Paper Girls to komiks Briana Vaughna i Cliffa Chana opowiadający o dziewczynach roznoszących gazety w małym miasteczku, w którym w środku Halloween zaczynają dziać się bardzo dziwne rzeczy. Zaskakujące jest, że ten komiks ukazał się w tym samym roku, co seria Stranger Things, ponieważ są one pod wieloma względami podobne. Akcja rozgrywa się w latach osiemdziesiątych, z dziećmi, w małym miasteczku i nikt nie rozumie, co się wokół dzieje.

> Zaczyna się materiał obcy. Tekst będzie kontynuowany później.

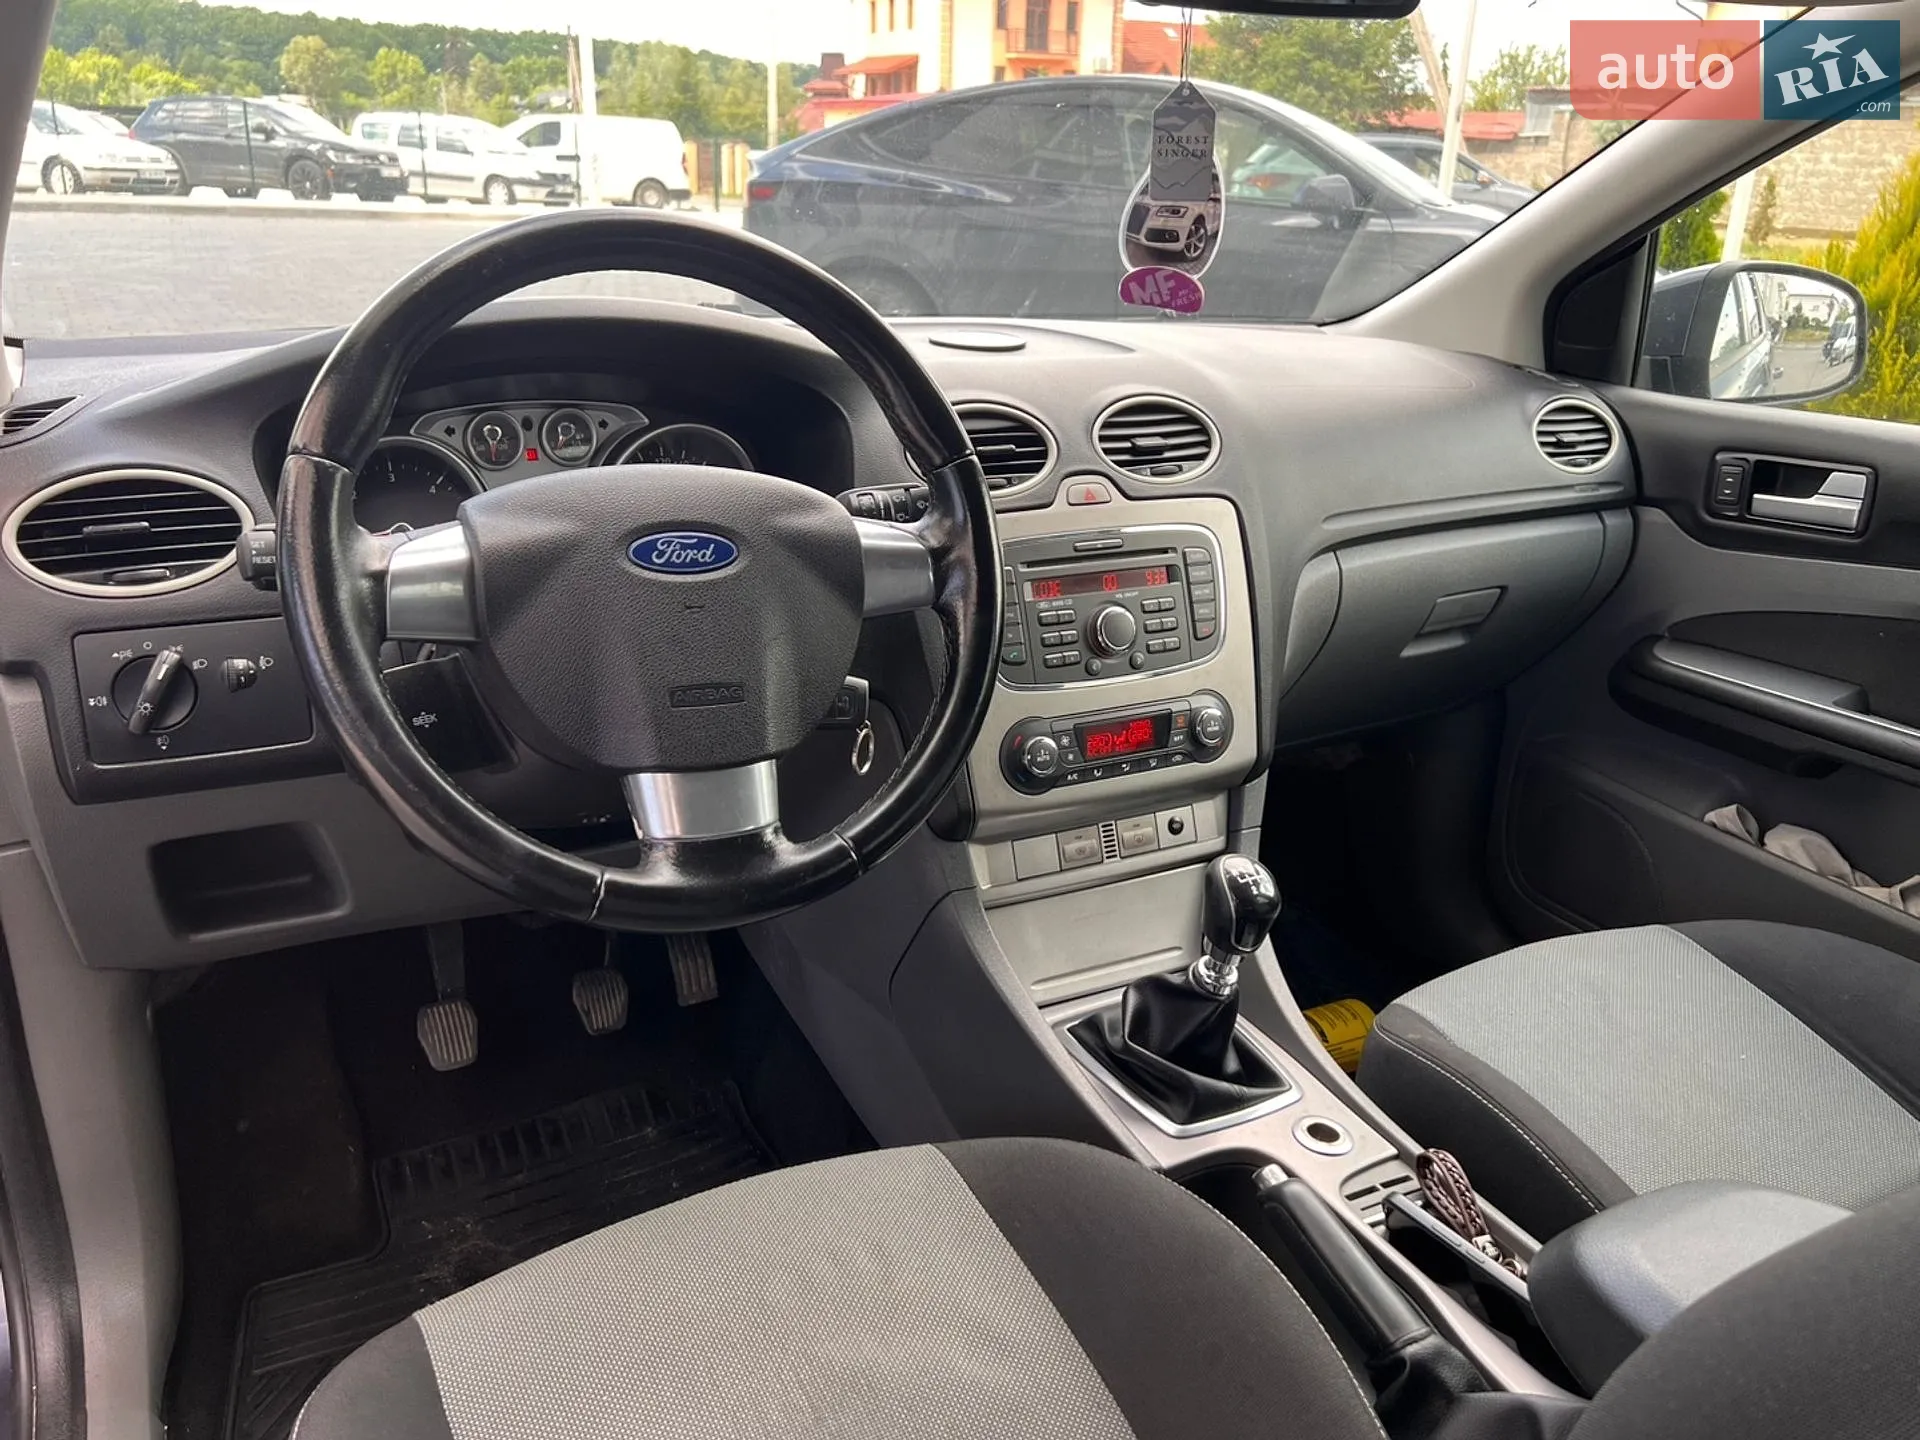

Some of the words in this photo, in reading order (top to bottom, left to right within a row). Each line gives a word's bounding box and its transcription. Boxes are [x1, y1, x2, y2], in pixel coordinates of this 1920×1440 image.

[1158, 135, 1209, 145] FOREST
[1157, 148, 1208, 158] SINGER
[1128, 270, 1176, 305] MF
[429, 485, 436, 494] 4
[651, 537, 716, 564] Ford
[673, 686, 743, 704] AIRBAG
[412, 713, 438, 726] SEEK

Jeśli dwa pierwsze komiksy są przyjacielskim mrugnięciem do „twardego” science fiction lat 60. i 70., to Paper Girls to bez wątpienia „Spielberg”. Mają bohaterów-chrononautów najeżdżających inne światy, a tutaj nasz zwykły świat przeżywa inwazję z zewnątrz, a cała akcja rozgrywa się na tle tradycyjnego amerykańskiego życia z tymi wszystkimi batonikami czekoladowymi Hershey's, sytuacją społeczno-polityczną i głupią modą w ubraniach.

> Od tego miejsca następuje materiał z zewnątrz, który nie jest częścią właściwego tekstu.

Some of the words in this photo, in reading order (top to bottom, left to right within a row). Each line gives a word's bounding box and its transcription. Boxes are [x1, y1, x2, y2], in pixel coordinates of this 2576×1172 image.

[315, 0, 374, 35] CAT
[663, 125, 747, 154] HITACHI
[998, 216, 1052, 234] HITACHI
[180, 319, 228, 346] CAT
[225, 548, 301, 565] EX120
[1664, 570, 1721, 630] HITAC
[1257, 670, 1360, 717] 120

Grafika Cliffa Chana jest znakomita, kolory Matta Wilsona tworzą fantastyczną, a nawet fantasmagoryczną atmosferę i zapewne to dzięki nim serial nadal cieszy się dużym zainteresowaniem. Sprawy mają się zupełnie inaczej w przypadku scenariusza Briana Vaughna. Vaughn znany jest z komiksu Saga, który od 2013 roku zebrał ogromną liczbę różnych nagród, w dużej mierze dzięki scenariuszowi. Niestety Paper Girls nie mogą się tym pochwalić. Ogólna fabuła jest interesująca, ale z jakiegoś powodu Vaughn spędza bardzo mało czasu na rozwijaniu postaci i zamiast tego rzuca nam zwroty akcji za drugim, nie mając czasu na ich wyjaśnienie. Dopiero w pierwszym tomie ukazane zostaną nam dinozaury, podróżnicy w czasie, nanoroboty i sądząc po tempie ich pojawiania się, to dopiero początek.

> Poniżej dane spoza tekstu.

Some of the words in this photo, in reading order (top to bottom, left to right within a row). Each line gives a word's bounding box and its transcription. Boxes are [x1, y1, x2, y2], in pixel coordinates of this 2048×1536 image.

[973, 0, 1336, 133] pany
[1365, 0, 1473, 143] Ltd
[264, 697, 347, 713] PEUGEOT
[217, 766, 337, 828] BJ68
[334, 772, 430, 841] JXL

Serial zasłużenie zdobył nagrody dla „Najlepszego nowego serialu” i „Najlepszego artysty (szkice)” w 2016 roku i może stać się nowym „”, ale w tym celu Vaughn będzie musiał nieco zmienić swoje podejście do fabuły.

Komiks nadal wychodzi. Nie została ona jednak opublikowana w języku rosyjskim.